▼▼▼
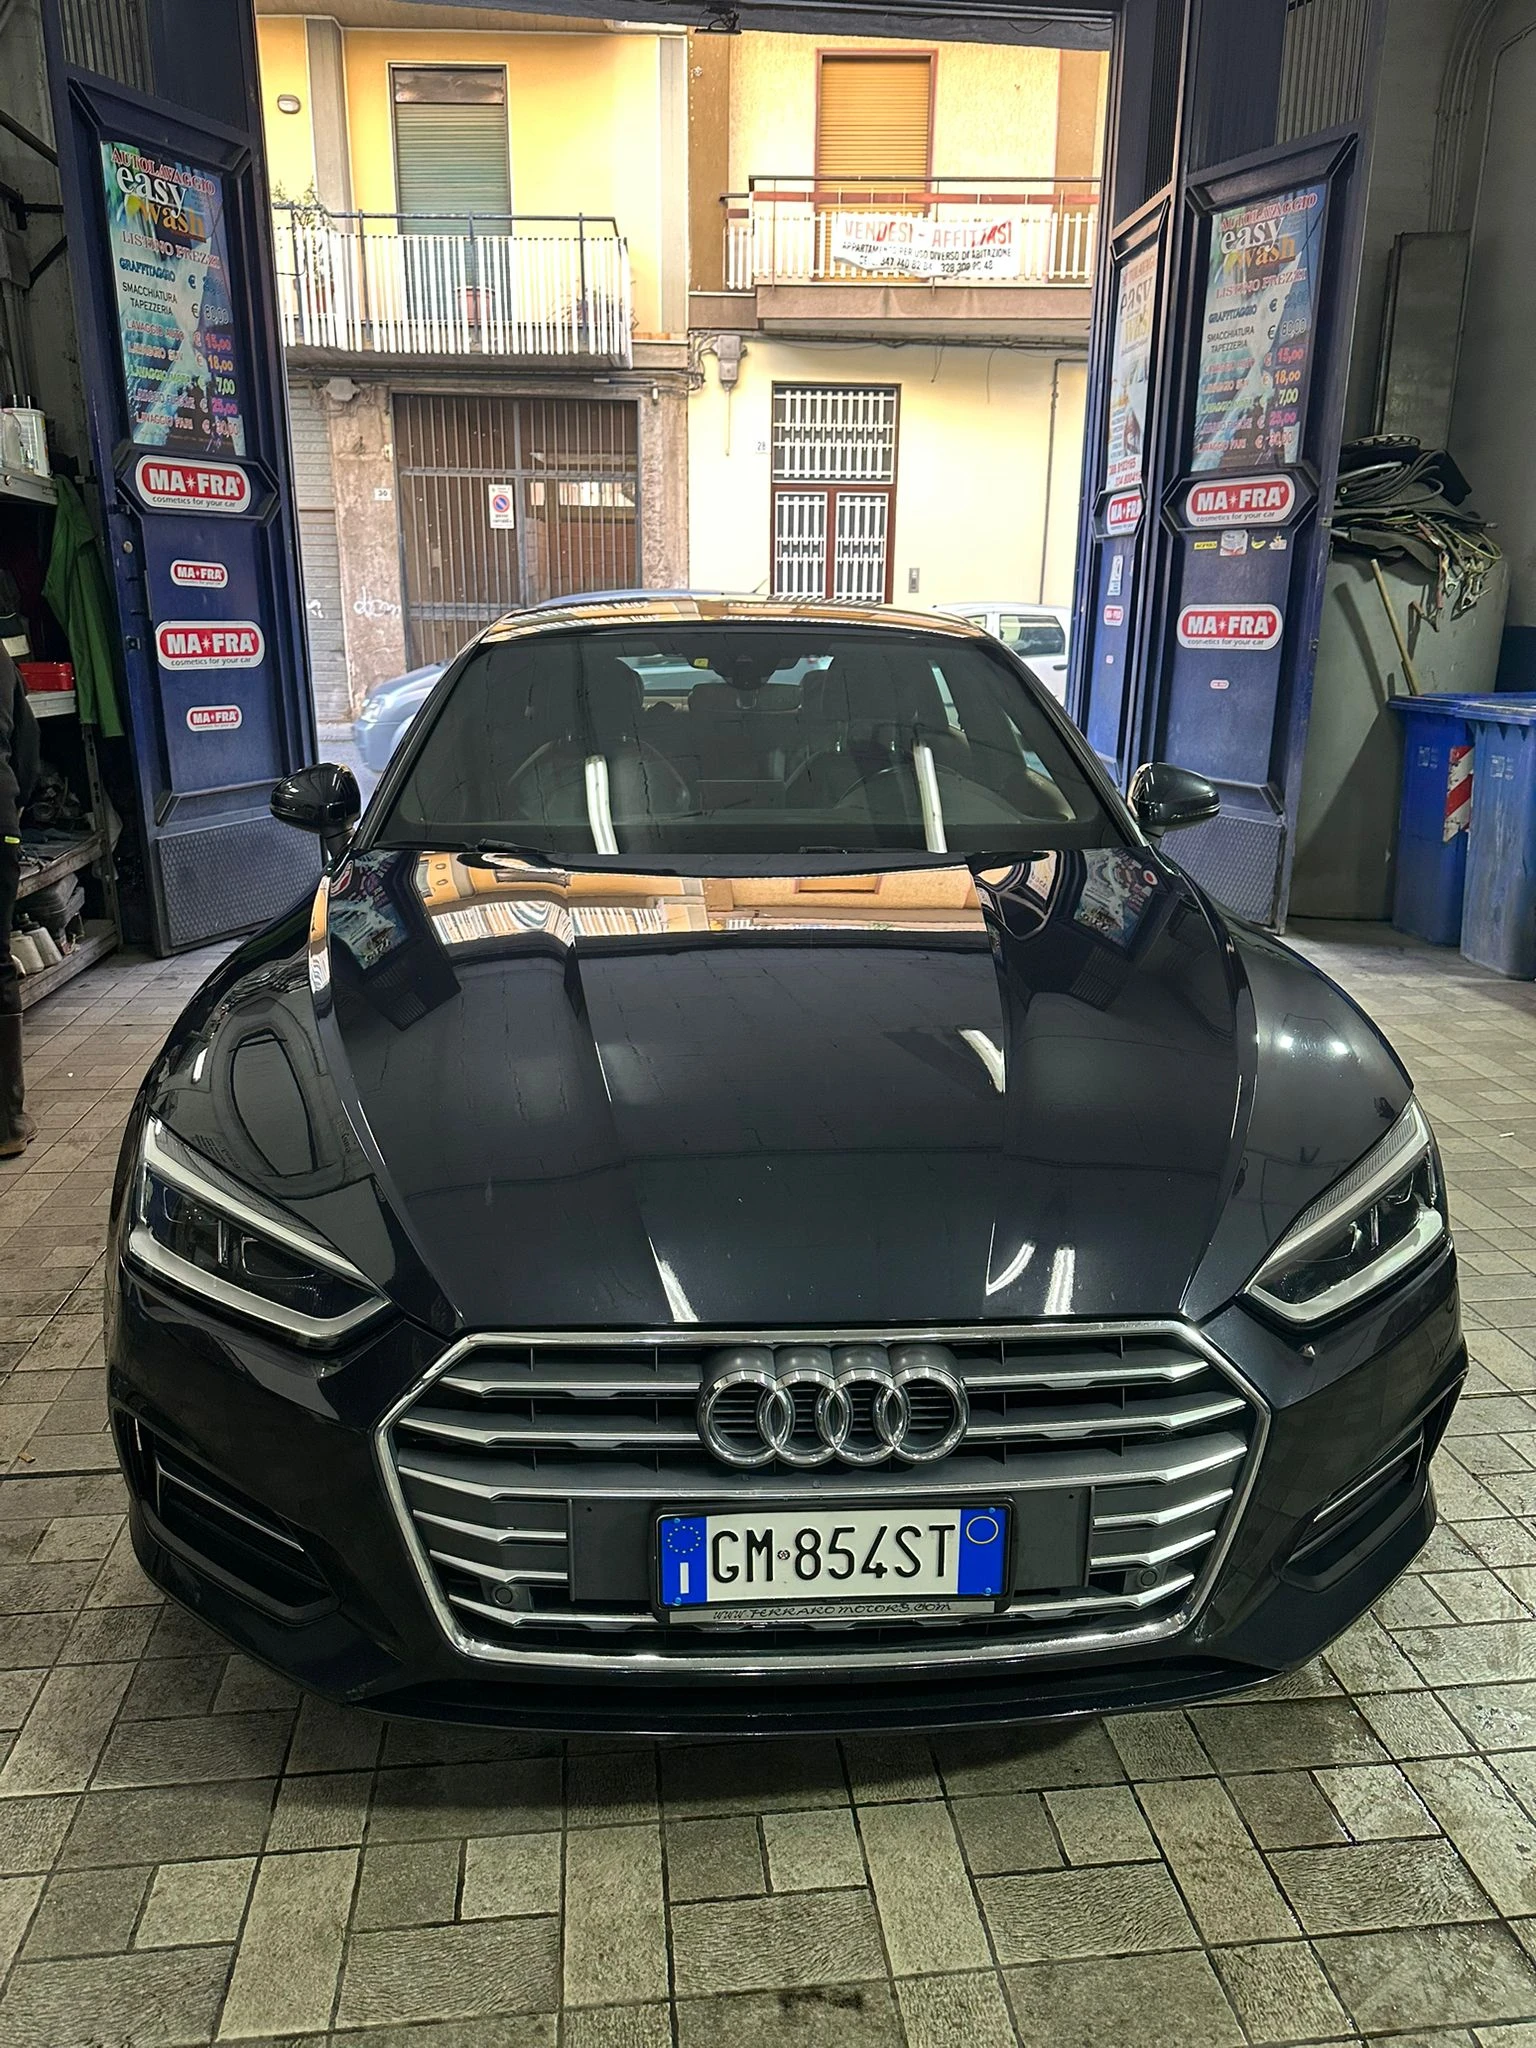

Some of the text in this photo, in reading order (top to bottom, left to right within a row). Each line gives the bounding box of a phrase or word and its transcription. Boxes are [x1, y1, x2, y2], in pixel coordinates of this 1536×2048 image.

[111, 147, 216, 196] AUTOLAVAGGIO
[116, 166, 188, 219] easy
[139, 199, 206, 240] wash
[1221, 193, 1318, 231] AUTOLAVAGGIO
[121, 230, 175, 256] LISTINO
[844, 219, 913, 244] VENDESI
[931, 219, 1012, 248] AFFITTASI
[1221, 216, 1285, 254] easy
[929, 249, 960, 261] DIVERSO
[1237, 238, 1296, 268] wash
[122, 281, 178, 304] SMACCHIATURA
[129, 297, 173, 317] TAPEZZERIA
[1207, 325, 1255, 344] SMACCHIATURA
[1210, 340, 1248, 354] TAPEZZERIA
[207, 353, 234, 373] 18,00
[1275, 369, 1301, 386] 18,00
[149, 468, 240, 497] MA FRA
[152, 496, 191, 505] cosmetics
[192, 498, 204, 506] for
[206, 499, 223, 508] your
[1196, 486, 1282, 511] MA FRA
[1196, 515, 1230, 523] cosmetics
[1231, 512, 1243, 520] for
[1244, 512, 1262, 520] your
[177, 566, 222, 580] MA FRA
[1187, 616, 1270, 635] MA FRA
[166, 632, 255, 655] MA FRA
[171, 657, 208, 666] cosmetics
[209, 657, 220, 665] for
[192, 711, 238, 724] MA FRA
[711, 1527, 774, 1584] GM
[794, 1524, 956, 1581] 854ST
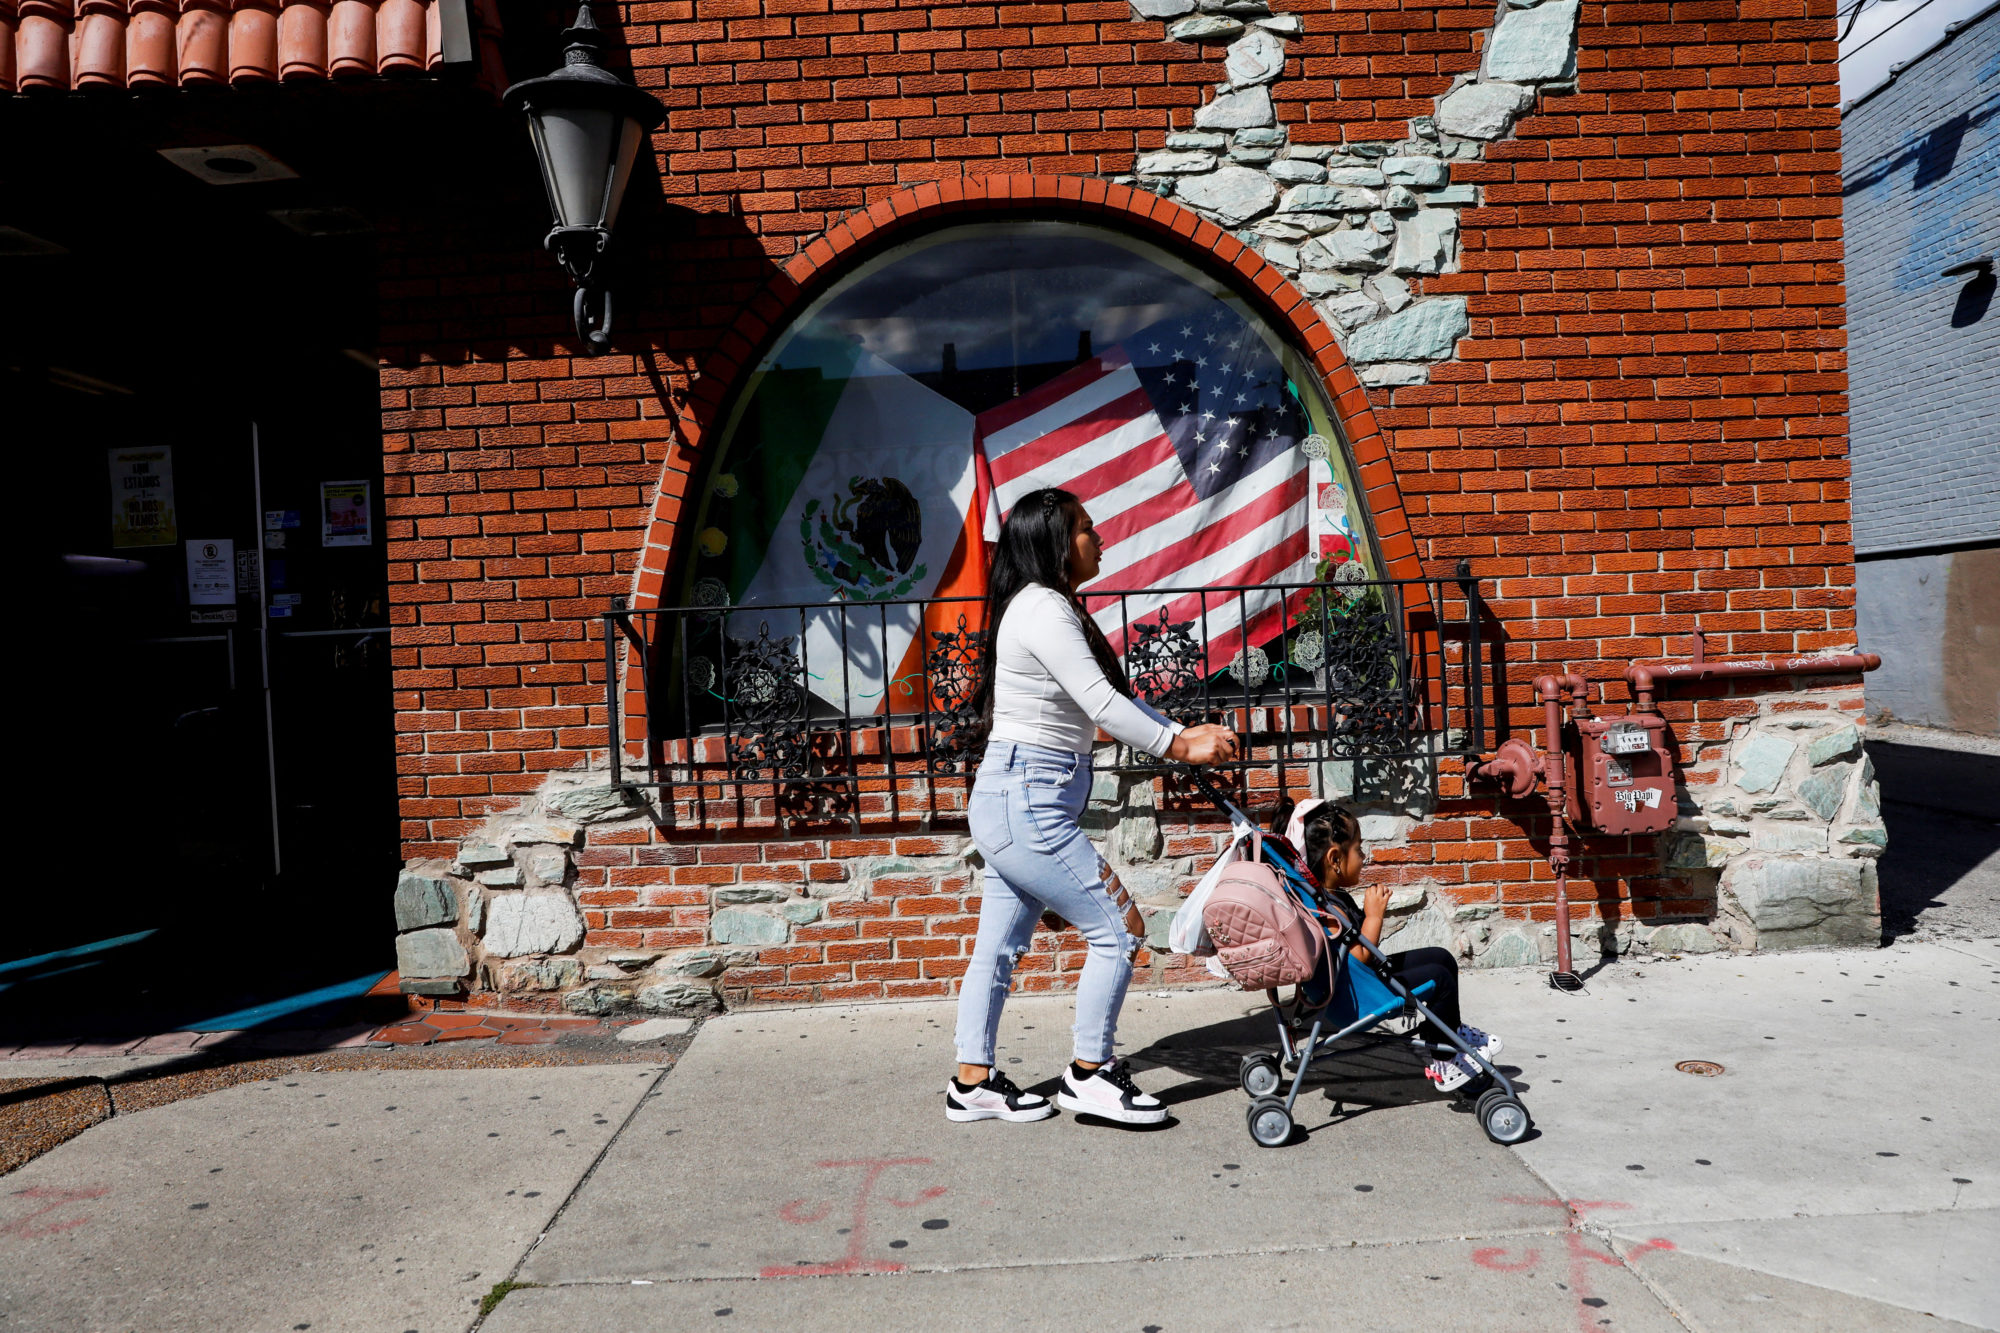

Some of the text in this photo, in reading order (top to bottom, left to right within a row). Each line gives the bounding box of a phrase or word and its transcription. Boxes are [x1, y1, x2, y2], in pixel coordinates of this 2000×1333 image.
▲▲▲
The task requires that every line above be transcribed exactly, without the images.

Some of the text in this photo, in reading order (top to bottom, left to right within a row). Each line gives the bounding box of a phrase or word and its transcription. Boxes are [x1, y1, x2, y2], in pixel coordinates of this 1536×2048 image.

[111, 147, 216, 196] AUTOLAVAGGIO
[116, 166, 188, 219] easy
[139, 199, 206, 240] wash
[1221, 193, 1318, 231] AUTOLAVAGGIO
[121, 230, 175, 256] LISTINO
[844, 219, 913, 244] VENDESI
[931, 219, 1012, 248] AFFITTASI
[1221, 216, 1285, 254] easy
[929, 249, 960, 261] DIVERSO
[1237, 238, 1296, 268] wash
[122, 281, 178, 304] SMACCHIATURA
[129, 297, 173, 317] TAPEZZERIA
[1207, 325, 1255, 344] SMACCHIATURA
[1210, 340, 1248, 354] TAPEZZERIA
[207, 353, 234, 373] 18,00
[1275, 369, 1301, 386] 18,00
[149, 468, 240, 497] MA FRA
[152, 496, 191, 505] cosmetics
[192, 498, 204, 506] for
[206, 499, 223, 508] your
[1196, 486, 1282, 511] MA FRA
[1196, 515, 1230, 523] cosmetics
[1231, 512, 1243, 520] for
[1244, 512, 1262, 520] your
[177, 566, 222, 580] MA FRA
[1187, 616, 1270, 635] MA FRA
[166, 632, 255, 655] MA FRA
[171, 657, 208, 666] cosmetics
[209, 657, 220, 665] for
[192, 711, 238, 724] MA FRA
[711, 1527, 774, 1584] GM
[794, 1524, 956, 1581] 854ST

Some of the text in this photo, in reading order (top to bottom, left to right within a row). Each line gives the bounding box of a phrase or word and its transcription. Boxes are [x1, y1, x2, y2], in pixel coordinates of this 2000×1333 image.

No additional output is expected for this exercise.